Lorenzo Ranelli

Personal information
- Date of birth: 5 June 1996 (age 29)
- Place of birth: Colleferro, Italy
- Height: 1.78 m (5 ft 10 in)
- Position: Midfielder

Team information
- Current team: Sanremese
- Number: 16

Youth career
- 0000–2014: Frosinone
- 2013–2014: → Pescara (loan)

Senior career*
- Years: Team / Apps / (Gls)
- 2014–2016: Frosinone / 1 / (0)
- 2016–2018: L'Aquila / 21 / (2)
- 2018–2019: Campobasso / 23 / (1)
- 2019–2021: Legnago Salus / 29 / (2)
- 2021–2022: Lornano Badesse / 26 / (2)
- 2022–2023: Carpi / 29 / (1)
- 2023: Aglianese / 8 / (0)
- 2023–2024: Desenzano / 8 / (0)
- 2024–: Sanremese / 8 / (0)

= Lorenzo Ranelli =

Italian footballer

Lorenzo Ranelli (born 5 June 1996) is an Italian footballer who plays as a midfielder for Italian Serie D club Sanremese.

== Club career ==
Ranelli is a youth exponent from Frosinone.
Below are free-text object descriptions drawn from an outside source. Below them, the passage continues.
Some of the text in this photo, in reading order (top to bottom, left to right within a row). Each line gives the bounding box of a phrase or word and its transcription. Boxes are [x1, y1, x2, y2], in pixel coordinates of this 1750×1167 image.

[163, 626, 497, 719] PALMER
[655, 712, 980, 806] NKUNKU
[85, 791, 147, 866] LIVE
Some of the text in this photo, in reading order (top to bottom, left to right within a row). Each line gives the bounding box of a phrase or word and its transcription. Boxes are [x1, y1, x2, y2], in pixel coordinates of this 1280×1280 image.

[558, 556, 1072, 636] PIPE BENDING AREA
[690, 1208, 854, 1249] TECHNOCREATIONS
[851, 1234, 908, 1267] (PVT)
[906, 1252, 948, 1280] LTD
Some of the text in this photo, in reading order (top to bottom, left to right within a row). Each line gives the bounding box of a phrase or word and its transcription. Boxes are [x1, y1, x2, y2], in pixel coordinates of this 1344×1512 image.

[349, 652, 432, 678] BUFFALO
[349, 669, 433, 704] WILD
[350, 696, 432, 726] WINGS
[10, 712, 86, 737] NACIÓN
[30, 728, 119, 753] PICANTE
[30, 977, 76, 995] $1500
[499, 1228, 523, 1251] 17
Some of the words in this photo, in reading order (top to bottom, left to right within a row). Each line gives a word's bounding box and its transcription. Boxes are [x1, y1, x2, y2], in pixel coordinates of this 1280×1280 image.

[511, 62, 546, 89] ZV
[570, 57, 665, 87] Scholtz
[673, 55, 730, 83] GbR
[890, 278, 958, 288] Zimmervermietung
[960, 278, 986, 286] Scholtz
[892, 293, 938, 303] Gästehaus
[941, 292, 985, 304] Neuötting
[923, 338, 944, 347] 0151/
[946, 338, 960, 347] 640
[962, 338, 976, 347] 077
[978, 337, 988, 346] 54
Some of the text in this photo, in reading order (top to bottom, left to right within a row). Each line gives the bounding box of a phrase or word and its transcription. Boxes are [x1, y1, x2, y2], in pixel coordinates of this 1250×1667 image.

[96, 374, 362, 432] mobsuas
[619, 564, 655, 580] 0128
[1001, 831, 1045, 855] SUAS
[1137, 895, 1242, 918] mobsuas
He made his Serie B debut on 22 May 2015 against Vicenza. He played the first 70 minutes of a 0–0 home draw before being substituted for Massimiliano Carlini.

On 11 August 2021 he joined to Serie D club Lornano Badesse Calcio. In July 2022, he joined Carpi.